Novembre 1st, 2018 Riccardo Fucile

L’INTERESSE PER IL GIORNALE E’ TORNATO A CRESCERE

Michele Santoro vuole comprare l’Unità .
Negli ultimi mesi il giornalista ha incontrato l’ad di Unità  srl, Guido Stefanelli, per farsi un’idea della situazione del giornale che da oltre un anno vive una crisi infinita. Lo scrive oggi La Stampa in un articolo a firma di Andrea Carugati:
Fonti dell’azienda smentiscono che ci sia una trattativa in corso con il conduttore.
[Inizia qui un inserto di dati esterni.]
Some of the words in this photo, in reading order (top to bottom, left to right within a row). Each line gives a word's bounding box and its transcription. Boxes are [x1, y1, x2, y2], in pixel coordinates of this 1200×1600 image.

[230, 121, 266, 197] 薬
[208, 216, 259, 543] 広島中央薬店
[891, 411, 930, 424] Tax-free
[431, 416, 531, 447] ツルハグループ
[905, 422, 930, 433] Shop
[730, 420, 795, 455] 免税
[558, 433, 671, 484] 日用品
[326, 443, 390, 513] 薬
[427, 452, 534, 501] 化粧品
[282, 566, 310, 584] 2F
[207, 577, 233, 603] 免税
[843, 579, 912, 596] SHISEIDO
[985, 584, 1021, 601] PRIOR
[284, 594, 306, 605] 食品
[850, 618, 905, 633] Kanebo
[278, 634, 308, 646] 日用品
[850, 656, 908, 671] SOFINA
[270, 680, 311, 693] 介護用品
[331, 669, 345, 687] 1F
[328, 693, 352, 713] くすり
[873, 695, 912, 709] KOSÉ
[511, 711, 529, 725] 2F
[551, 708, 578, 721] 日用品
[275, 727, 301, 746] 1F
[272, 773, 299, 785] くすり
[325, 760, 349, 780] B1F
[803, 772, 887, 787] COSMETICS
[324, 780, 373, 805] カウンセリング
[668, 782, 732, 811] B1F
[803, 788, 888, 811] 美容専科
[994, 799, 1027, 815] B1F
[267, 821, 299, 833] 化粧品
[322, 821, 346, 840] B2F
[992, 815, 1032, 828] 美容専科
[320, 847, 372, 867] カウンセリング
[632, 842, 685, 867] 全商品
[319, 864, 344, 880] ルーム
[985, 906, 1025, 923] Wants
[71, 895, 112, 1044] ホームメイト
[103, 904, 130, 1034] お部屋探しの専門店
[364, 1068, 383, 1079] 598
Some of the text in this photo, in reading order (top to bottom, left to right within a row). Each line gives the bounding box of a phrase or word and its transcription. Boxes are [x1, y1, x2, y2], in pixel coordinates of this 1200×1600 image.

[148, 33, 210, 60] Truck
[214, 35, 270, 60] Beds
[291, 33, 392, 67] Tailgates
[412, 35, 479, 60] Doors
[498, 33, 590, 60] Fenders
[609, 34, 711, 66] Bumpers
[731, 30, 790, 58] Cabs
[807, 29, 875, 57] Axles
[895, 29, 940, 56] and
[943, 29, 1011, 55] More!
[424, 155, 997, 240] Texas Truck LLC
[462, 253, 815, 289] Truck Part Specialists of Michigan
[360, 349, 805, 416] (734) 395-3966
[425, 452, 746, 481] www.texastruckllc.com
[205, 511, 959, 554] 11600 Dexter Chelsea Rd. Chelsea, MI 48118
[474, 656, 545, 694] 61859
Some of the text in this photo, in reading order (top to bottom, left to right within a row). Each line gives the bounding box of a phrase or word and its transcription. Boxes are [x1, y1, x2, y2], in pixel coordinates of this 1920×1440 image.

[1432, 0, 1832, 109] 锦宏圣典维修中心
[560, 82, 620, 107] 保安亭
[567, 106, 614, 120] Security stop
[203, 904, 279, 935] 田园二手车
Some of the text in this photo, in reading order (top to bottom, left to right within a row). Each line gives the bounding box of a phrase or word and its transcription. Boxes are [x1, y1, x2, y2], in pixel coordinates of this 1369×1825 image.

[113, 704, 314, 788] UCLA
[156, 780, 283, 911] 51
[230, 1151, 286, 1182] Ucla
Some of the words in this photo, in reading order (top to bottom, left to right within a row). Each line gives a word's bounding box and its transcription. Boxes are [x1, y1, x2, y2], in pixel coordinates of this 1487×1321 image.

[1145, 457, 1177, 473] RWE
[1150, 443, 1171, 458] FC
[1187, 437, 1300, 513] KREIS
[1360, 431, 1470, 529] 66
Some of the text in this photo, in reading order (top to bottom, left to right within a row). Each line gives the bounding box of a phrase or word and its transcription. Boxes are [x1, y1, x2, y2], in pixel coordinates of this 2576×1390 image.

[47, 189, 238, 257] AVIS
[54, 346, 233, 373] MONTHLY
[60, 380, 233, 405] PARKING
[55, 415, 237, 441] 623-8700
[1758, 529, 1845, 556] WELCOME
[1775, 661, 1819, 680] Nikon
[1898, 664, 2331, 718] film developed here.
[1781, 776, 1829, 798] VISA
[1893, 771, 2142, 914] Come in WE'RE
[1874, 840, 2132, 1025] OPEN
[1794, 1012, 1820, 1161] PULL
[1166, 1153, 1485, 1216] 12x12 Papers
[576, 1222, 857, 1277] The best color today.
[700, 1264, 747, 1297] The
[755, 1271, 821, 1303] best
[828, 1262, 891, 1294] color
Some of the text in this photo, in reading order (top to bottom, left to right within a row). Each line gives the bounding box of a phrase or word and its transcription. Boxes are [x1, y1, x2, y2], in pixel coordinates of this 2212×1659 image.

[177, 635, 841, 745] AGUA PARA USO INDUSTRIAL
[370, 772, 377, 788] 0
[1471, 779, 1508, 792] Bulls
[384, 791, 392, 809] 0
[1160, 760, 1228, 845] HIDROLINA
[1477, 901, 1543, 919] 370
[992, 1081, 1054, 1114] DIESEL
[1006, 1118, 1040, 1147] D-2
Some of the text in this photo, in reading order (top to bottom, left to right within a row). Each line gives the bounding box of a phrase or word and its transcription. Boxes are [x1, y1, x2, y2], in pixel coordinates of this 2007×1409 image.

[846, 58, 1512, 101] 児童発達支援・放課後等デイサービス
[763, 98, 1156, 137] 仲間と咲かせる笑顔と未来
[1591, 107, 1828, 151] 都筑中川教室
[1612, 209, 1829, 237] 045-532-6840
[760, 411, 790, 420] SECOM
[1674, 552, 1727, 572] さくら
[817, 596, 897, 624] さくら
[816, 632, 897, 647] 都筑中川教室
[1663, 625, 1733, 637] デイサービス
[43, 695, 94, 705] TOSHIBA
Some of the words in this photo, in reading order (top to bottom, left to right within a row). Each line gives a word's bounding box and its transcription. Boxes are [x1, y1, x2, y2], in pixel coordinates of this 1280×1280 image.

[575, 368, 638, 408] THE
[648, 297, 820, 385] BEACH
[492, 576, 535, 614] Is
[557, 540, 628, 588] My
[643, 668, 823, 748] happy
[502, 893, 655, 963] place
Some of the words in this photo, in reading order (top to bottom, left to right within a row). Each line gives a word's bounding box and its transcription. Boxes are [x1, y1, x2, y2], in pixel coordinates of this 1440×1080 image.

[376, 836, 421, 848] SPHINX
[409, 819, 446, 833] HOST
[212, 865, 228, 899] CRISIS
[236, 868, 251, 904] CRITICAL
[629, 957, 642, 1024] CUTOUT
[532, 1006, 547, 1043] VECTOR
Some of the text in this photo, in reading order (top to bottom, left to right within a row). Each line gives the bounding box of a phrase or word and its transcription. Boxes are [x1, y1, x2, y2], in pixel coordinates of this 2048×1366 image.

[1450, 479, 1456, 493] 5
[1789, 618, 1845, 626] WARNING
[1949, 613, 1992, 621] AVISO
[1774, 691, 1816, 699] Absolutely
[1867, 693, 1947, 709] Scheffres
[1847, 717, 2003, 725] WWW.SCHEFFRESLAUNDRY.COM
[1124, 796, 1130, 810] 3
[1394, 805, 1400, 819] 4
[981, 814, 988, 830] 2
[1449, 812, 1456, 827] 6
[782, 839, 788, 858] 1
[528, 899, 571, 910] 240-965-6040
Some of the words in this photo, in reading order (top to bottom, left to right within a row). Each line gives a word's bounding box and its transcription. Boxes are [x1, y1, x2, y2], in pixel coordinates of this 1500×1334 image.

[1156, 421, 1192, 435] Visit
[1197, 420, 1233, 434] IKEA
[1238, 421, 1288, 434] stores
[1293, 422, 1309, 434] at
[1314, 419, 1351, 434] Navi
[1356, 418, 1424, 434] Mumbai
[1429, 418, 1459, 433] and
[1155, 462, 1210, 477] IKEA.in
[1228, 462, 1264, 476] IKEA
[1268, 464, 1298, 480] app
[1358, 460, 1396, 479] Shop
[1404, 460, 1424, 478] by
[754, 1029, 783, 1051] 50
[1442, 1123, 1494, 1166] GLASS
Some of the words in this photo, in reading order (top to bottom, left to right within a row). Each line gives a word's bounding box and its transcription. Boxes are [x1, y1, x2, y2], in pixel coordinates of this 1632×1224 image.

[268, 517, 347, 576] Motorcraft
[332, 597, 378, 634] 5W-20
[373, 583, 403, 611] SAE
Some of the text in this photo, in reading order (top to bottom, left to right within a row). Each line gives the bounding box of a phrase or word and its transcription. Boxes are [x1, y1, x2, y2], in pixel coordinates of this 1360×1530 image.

Ma confermano che negli ultimi mesi, dopo la nascita del governo gialloverde, l’interesse per l’Unità  «è tornato a crescere». Tanto che lo stesso gruppo Pessina (che detiene il 100% di Unità  srl) sta pensando a un ritorno in edicola a inizio 2019, con una redazione ridotta all’osso
Una scelta finalizzata a valorizzare la testata, anche in vista di una possibile cessione a una nuova cordata di soci. Cessione che ad oggi non è in agenda, anche se ci sono state manifestazioni d’interesse. Una è quella di Santoro, uomo di sinistra molto geloso della sua autonomia, per un periodo socio al 7% del Fatto quotidiano con la società  Zerostudio’s, fino all’uscita nel 2017, dovuta anche alla mancata condivisione della linea filo-M5S.
Di qui il rinnovato interesse per l’Unità , che si era già  manifestato quando il giornale aveva chiuso nel 2014:
In quel caso però il Pd a guida Matteo Renzi aveva scelto di favorire l’arrivo dei Pessina, che hanno confezionato un prodotto molto filorenziano (sotto la guida prima di Erasmo D’Angelis e poi di Sergio Staino) che non ha riscontrato il favore dei lettori, fino all’uscita dalle edicole.
Ora il Pd è definitivamente fuori dalla compagine dell’Unità , dopo aver perso la quota del 20% che era controllata dalla fondazione Eyu guidata dal tesoriere Francesco Bonifazi.
Nelle ultime settimane si era diffusa la voce che la stessa Eyu fosse interessata a comprare la testata, ma l’azienda smentisce categoricamente.

(da “NextQuotidiano”)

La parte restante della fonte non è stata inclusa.